We have discovered that in RHEL9 order of systemd dependencies for configure-ovs or nodeip-configuration or something similar have changed. It seems like now those run before systemd-user-sessions.service and as a consequence if the former fails when the machine starts, we cannot login to the RHCOS (at all)

The outline of what happens is more or less

• early in the process systemd-tmp* creates a lock file saying "only root user can login"
• late in the process systemd-user-sessions.service runs and is responsible for allowing anyone to login (namely, "core" user)
• if anything goes wrong and systemd-user-sessions.service doesn't start, then only "root" can get SSH access to the machine

Till now we never observed the issue even if configure-ovs wasn't healthy.
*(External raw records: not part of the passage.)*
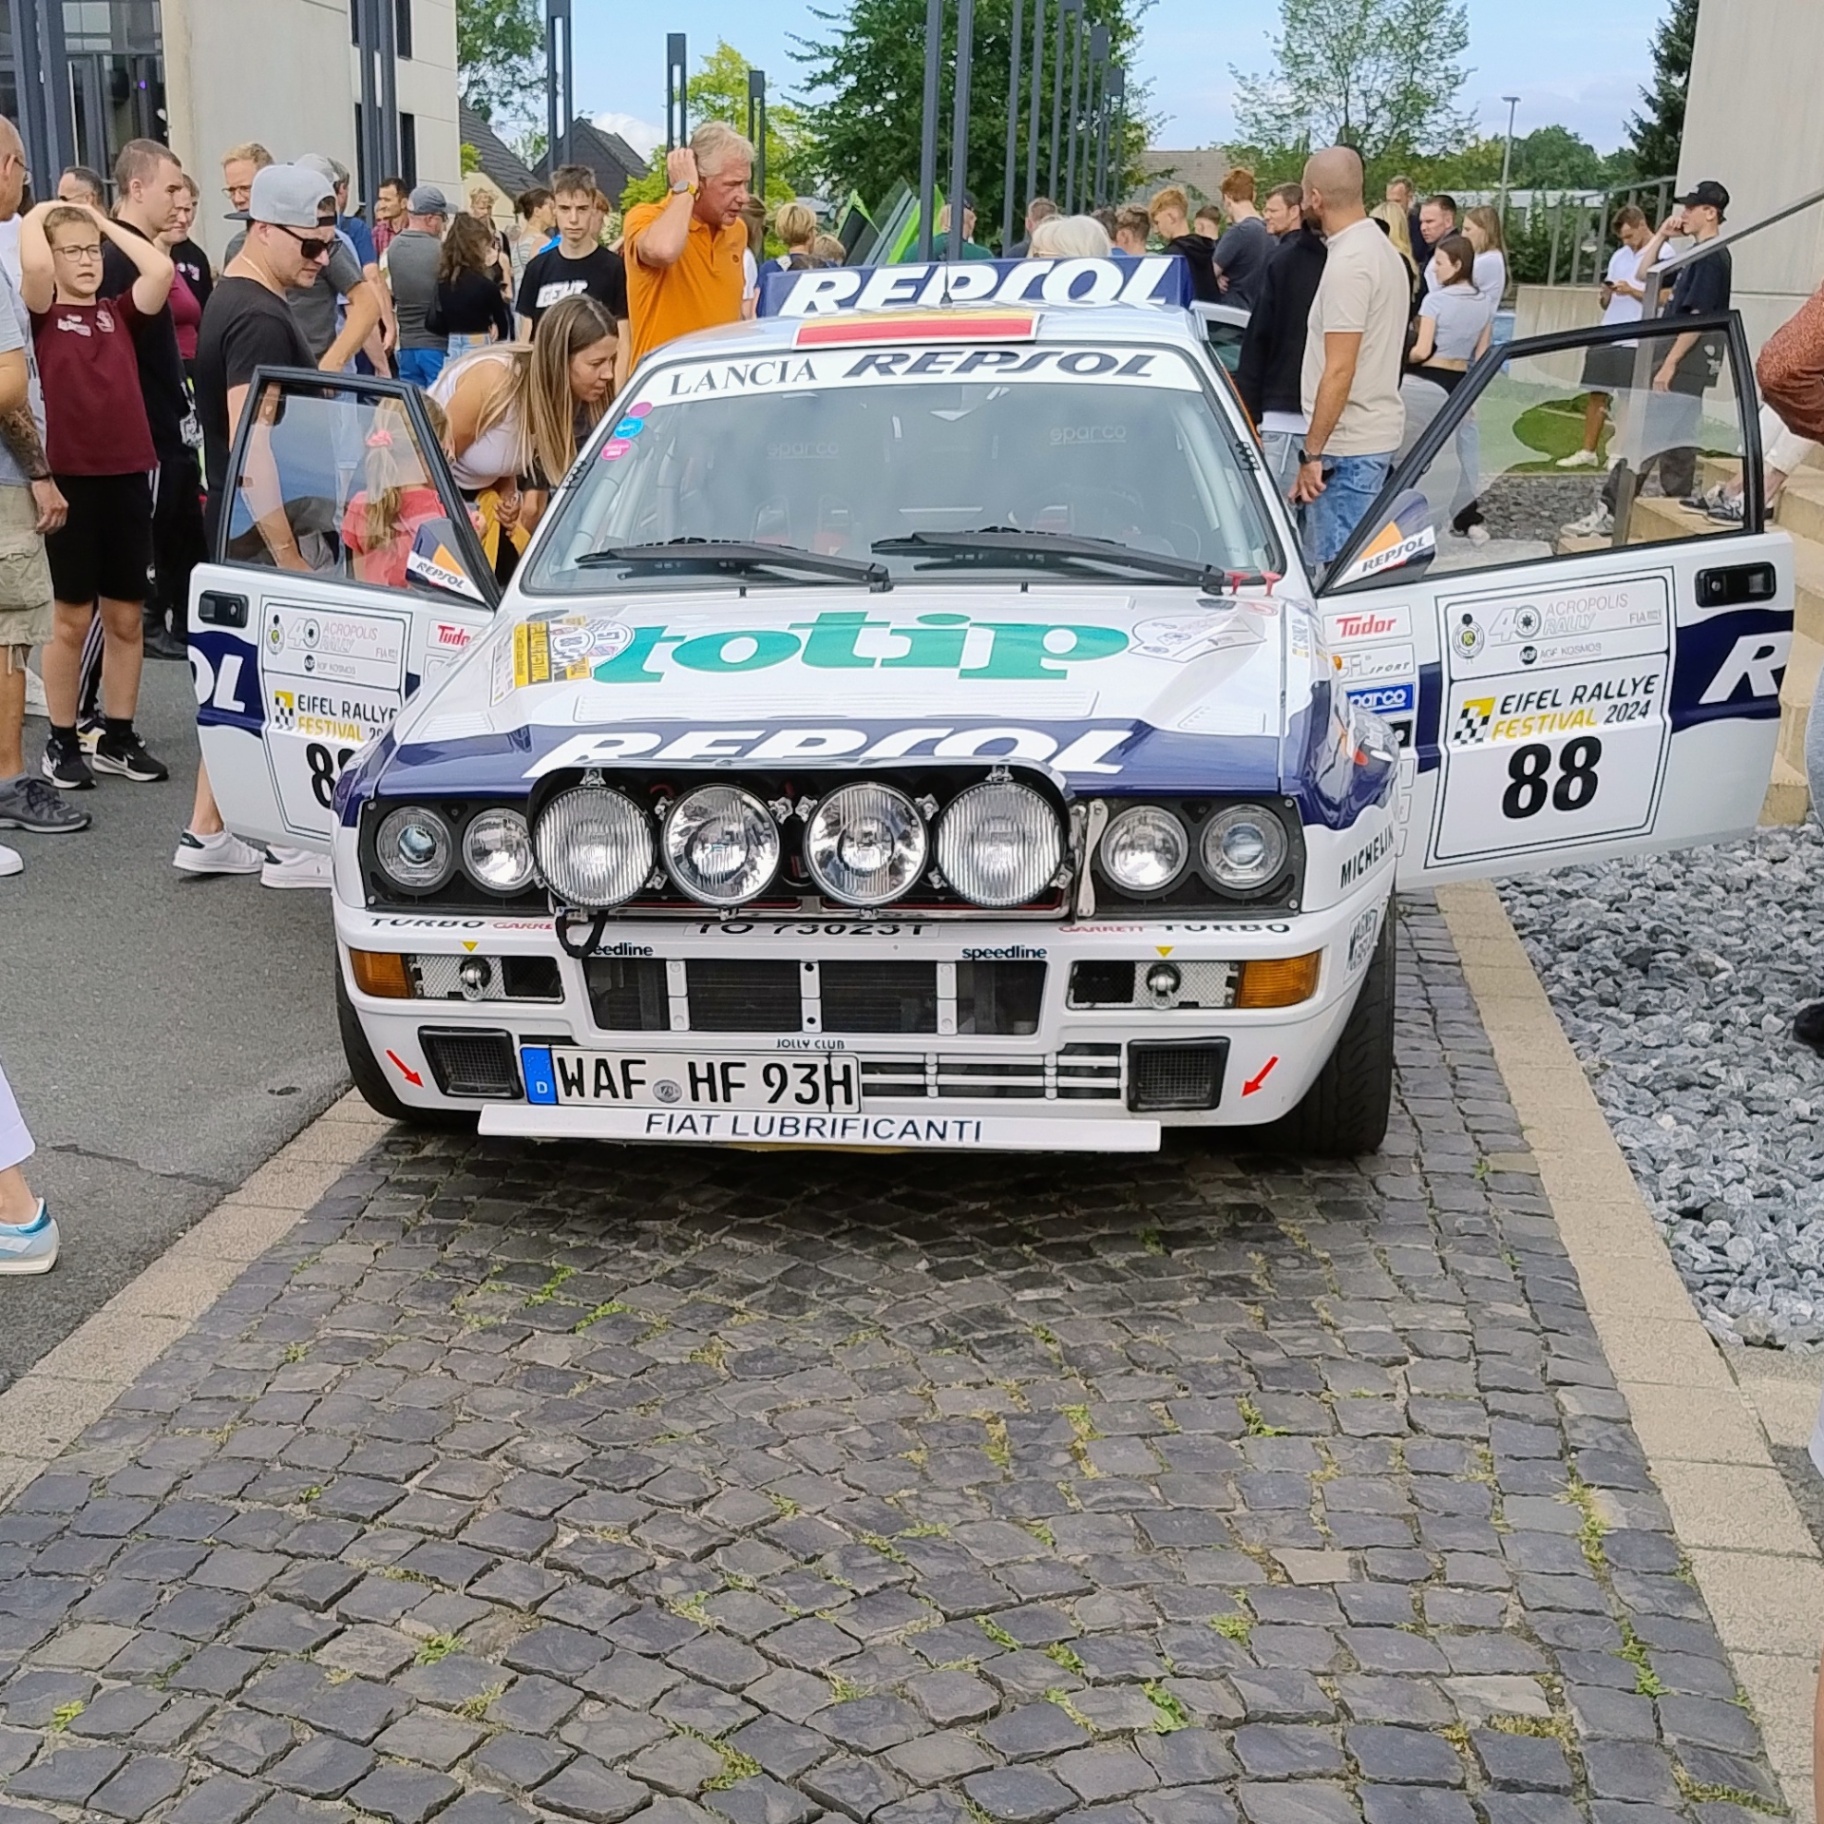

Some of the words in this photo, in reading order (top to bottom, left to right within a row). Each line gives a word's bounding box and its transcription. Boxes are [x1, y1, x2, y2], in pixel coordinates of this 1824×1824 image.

[778, 257, 1174, 317] REPSOL
[842, 350, 1158, 379] REPSOL
[671, 359, 818, 396] LANCIA
[1050, 425, 1127, 444] sparco
[767, 441, 839, 458] sparco
[1362, 536, 1424, 572] REPSOL
[416, 561, 465, 589] REPSOL
[1546, 593, 1629, 616] ACROPOLIS
[1336, 614, 1397, 638] Tudor
[1543, 613, 1597, 636] RALLY
[1629, 611, 1646, 624] FIA
[322, 621, 377, 641] ACROPOLIS
[438, 624, 471, 646] Tudo
[593, 611, 1129, 683] totip
[1561, 643, 1602, 656] KOSMOS
[1369, 662, 1410, 674] SPORT
[1698, 630, 1793, 704] R
[298, 694, 337, 717] EIFEL
[1349, 689, 1407, 708] parco
[1500, 688, 1562, 716] EIFEL
[1569, 674, 1660, 706] RALLYE
[297, 716, 364, 743] FESTIVAL
[1492, 708, 1598, 742] FESTIVAL
[1603, 700, 1651, 725] 2024
[521, 728, 1135, 778] REPSOL
[1502, 736, 1603, 819] 88
[1340, 821, 1394, 889] MICHELIN
[370, 917, 486, 929] TURBO
[772, 922, 933, 936] 73023T
[1058, 924, 1146, 933] GARRETT
[1157, 922, 1291, 934] TURBO
[592, 942, 654, 957] eedline
[962, 944, 1048, 961] speedline
[777, 1038, 811, 1049] JOLLY
[814, 1039, 846, 1050] CLUB
[536, 1081, 548, 1094] D
[557, 1056, 647, 1101] WAF
[688, 1061, 746, 1103] HF
[762, 1062, 854, 1107] 93H
[645, 1113, 720, 1136] FIAT
[731, 1114, 982, 1143] LUBRIFICANTI
However in 4.13 something has changed and as long as configure-ovs is not finished successfuly, we cannot do `ssh core@<node>`. Given that we don't allow root access, in those scenarios we are locked out from performing any investigation.
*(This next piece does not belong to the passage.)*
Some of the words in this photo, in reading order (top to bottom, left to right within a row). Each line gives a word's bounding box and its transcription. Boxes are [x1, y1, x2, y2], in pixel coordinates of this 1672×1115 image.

In the particular scenario I was debugging I had nodeip-configuration.service failing because it was unable to detect Node IP from the VIPs correctly. It was trying to select an empty IP as a Node IP, thus returning non-zero exit code. The network was up as I could ping and reach SSH port (machine had multiple NICs to make it effectively impossible to lose the network), but as I could never SSH as core and root user is locked, I was not able to collect any logs.